__WORK INSTRUCTIONS__
Would you please copy all of the data exactly, skipping the images?

===

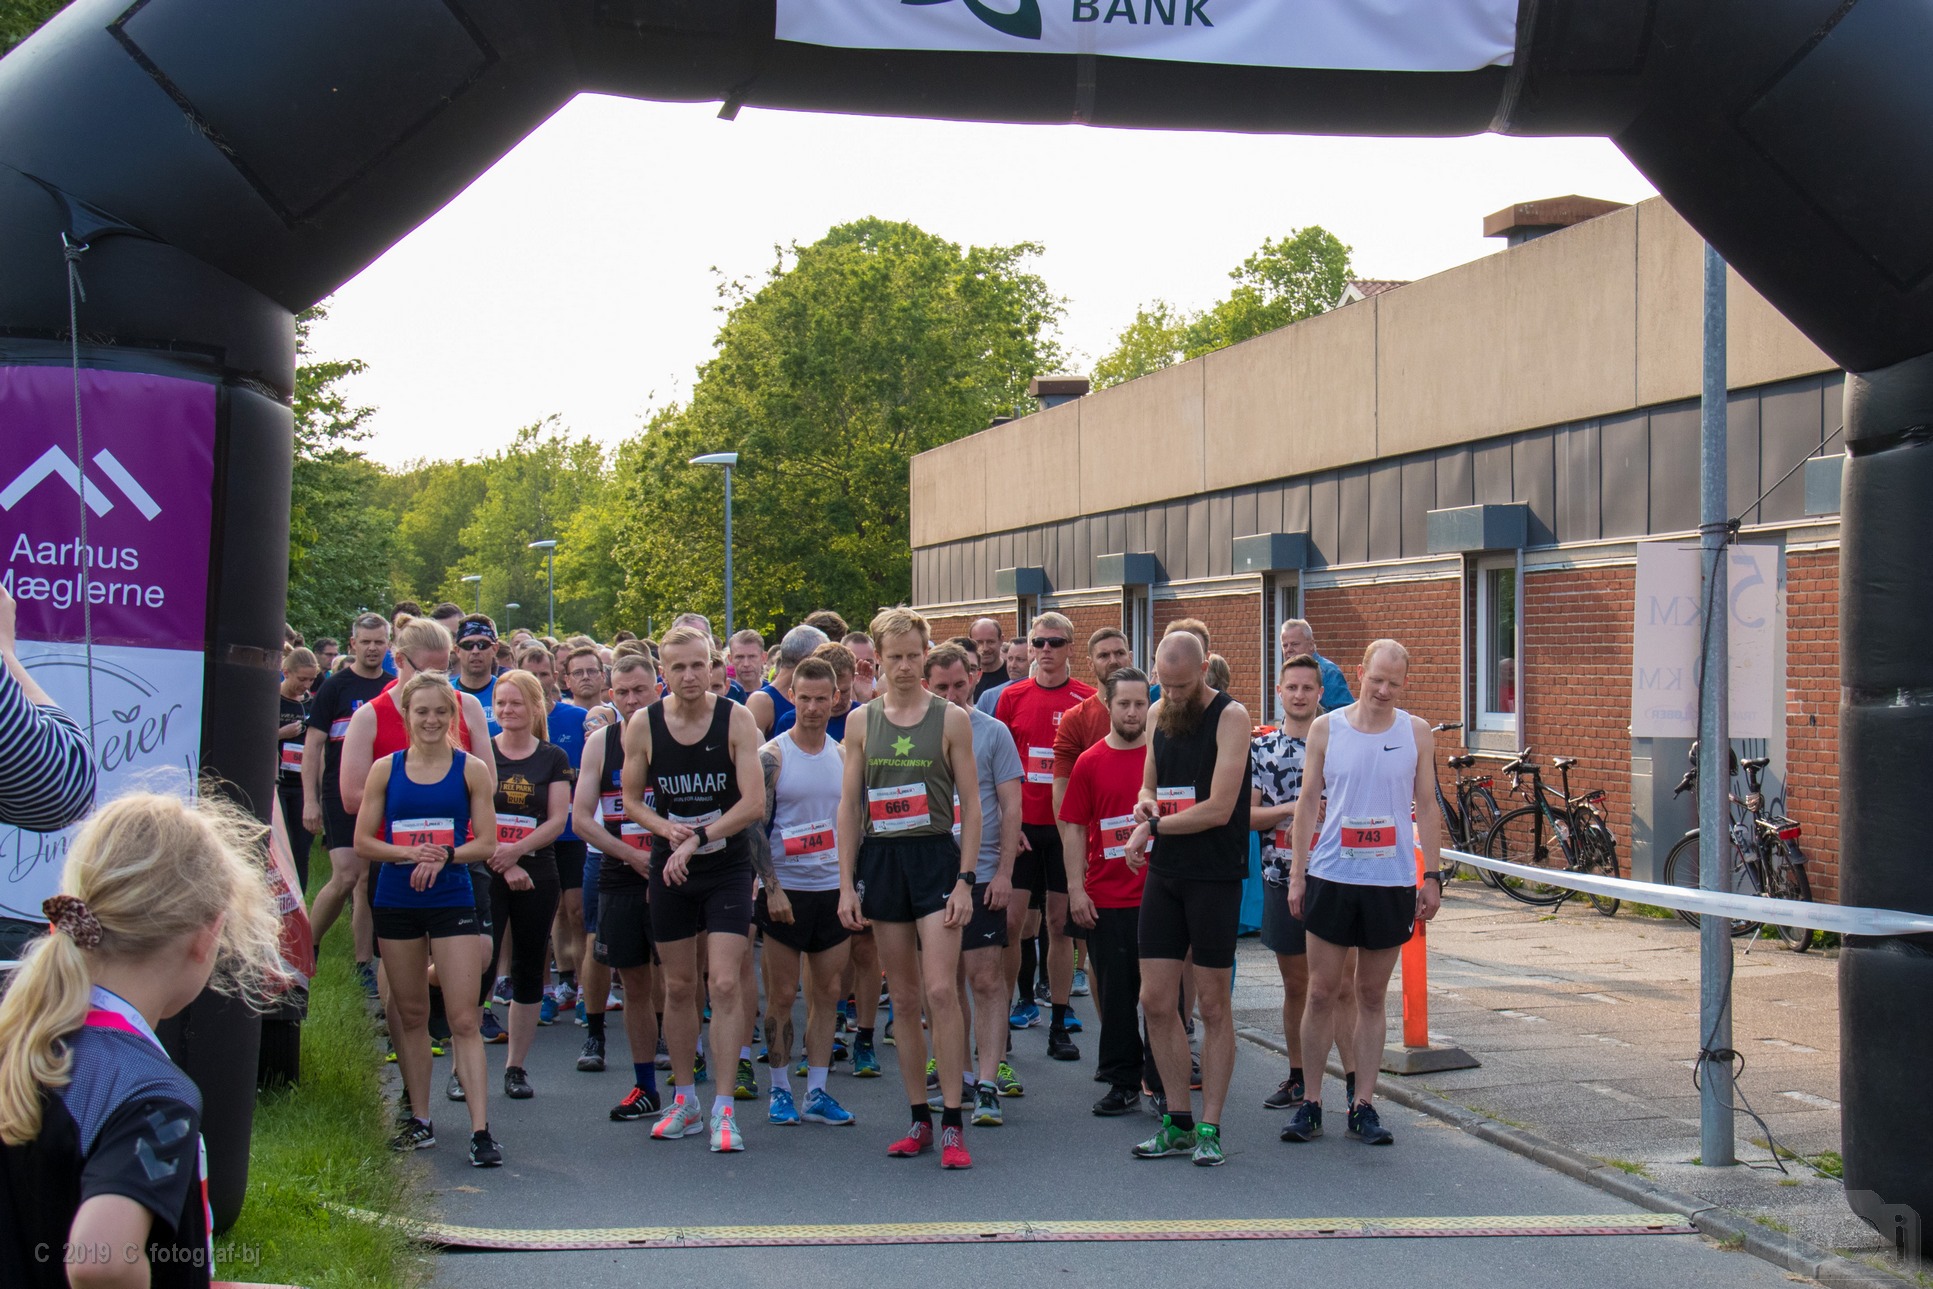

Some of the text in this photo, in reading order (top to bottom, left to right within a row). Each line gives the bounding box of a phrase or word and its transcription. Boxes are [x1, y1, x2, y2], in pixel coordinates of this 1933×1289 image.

[1072, 0, 1215, 28] BANK
[9, 533, 139, 571] Aarhus
[97, 704, 182, 772] eier
[1041, 760, 1055, 770] 57
[658, 773, 727, 795] RUNAAR
[508, 796, 525, 805] RUN
[885, 799, 910, 815] 666
[1161, 802, 1178, 814] 671
[409, 832, 434, 846] 741
[501, 826, 523, 839] 672
[1356, 830, 1381, 843] 743
[637, 835, 653, 848] 70
[800, 834, 823, 849] 744
[0, 826, 70, 883] Din
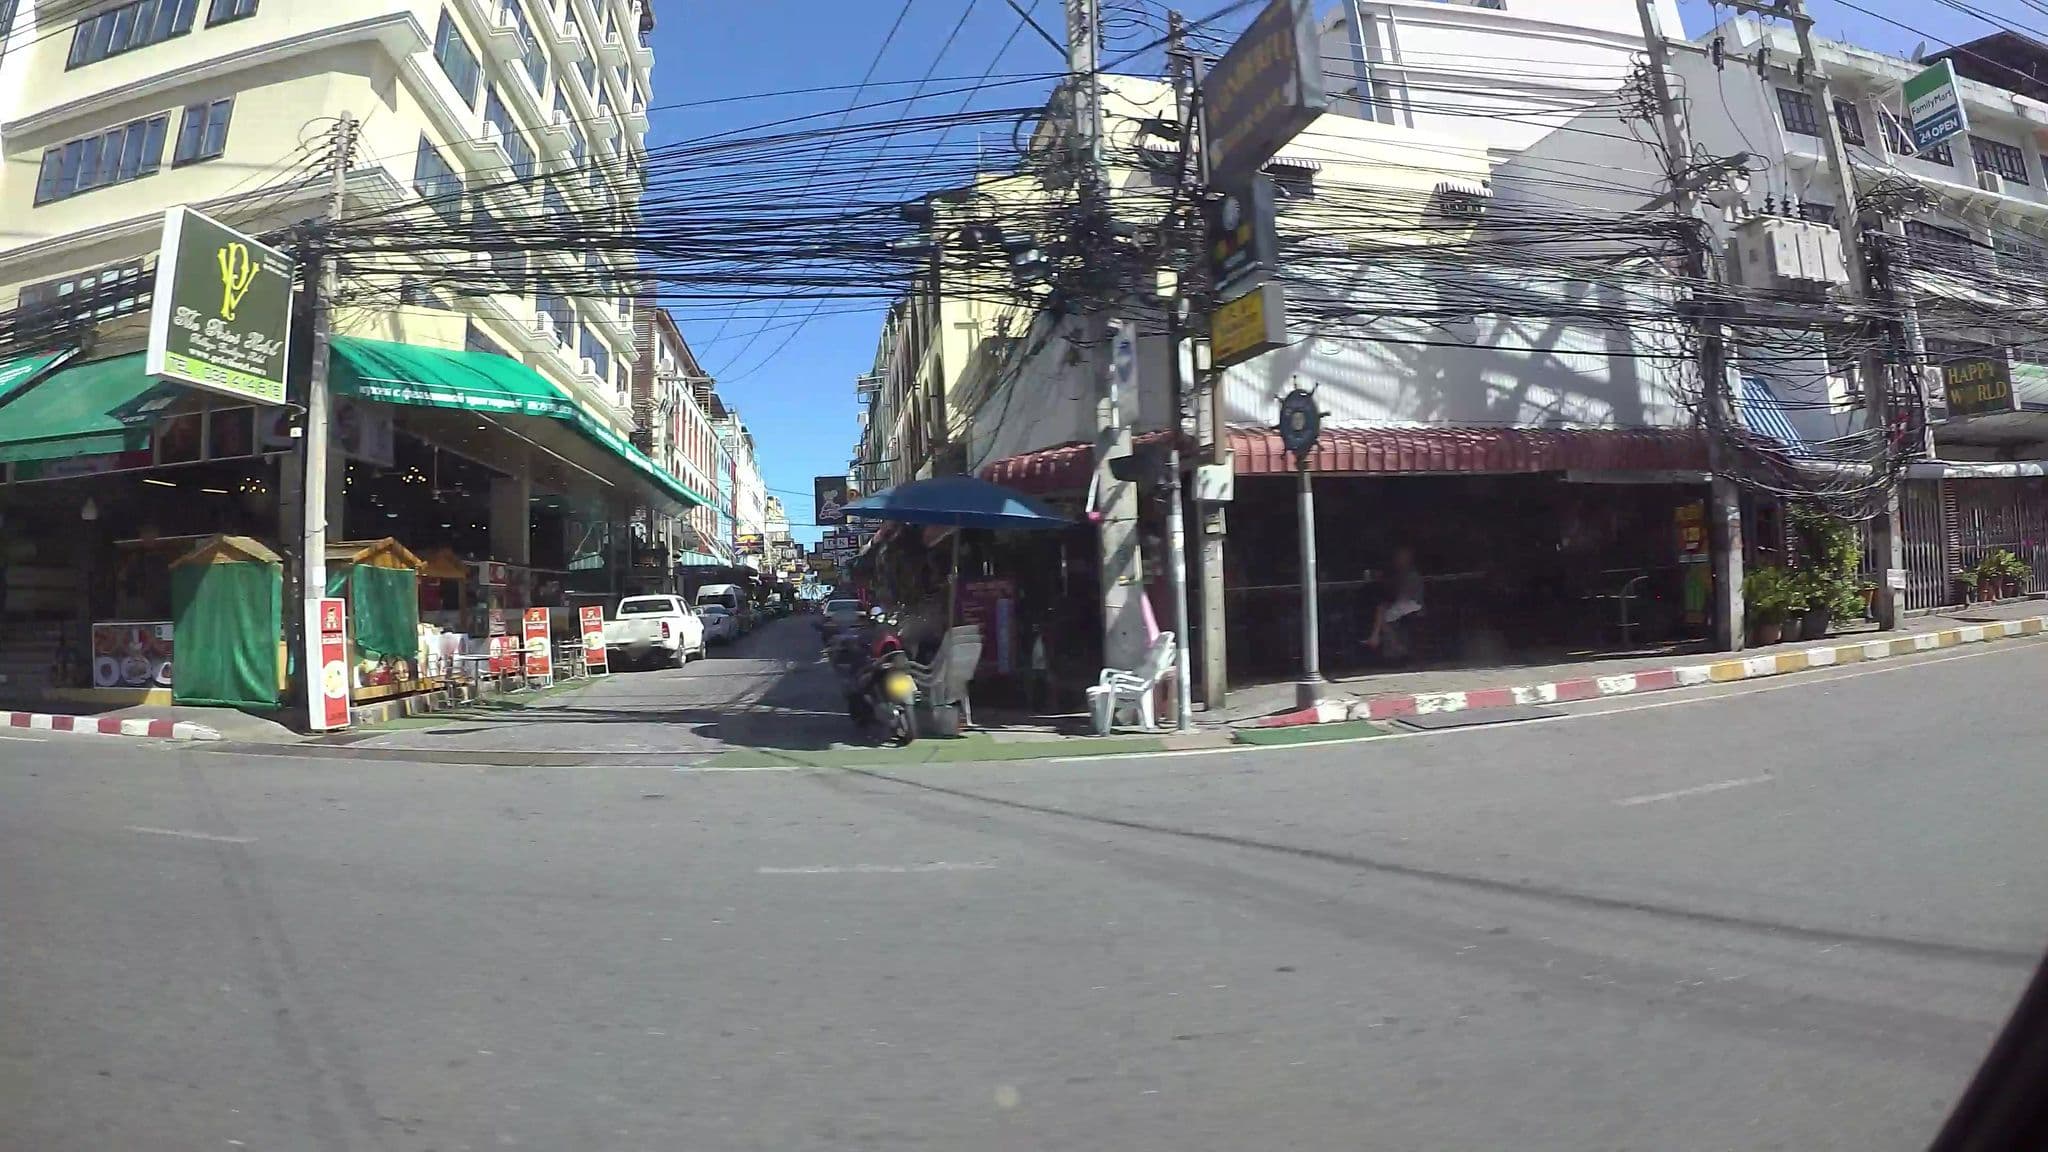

===

__RESPONSE AREA__
Some of the text in this photo, in reading order (top to bottom, left to right within a row). Each line gives the bounding box of a phrase or word and its transcription. Boxes are [x1, y1, x2, y2], in pixel coordinates of this 1933×1289 image.

[1072, 0, 1215, 28] BANK
[9, 533, 139, 571] Aarhus
[97, 704, 182, 772] eier
[1041, 760, 1055, 770] 57
[658, 773, 727, 795] RUNAAR
[508, 796, 525, 805] RUN
[885, 799, 910, 815] 666
[1161, 802, 1178, 814] 671
[409, 832, 434, 846] 741
[501, 826, 523, 839] 672
[1356, 830, 1381, 843] 743
[637, 835, 653, 848] 70
[800, 834, 823, 849] 744
[0, 826, 70, 883] Din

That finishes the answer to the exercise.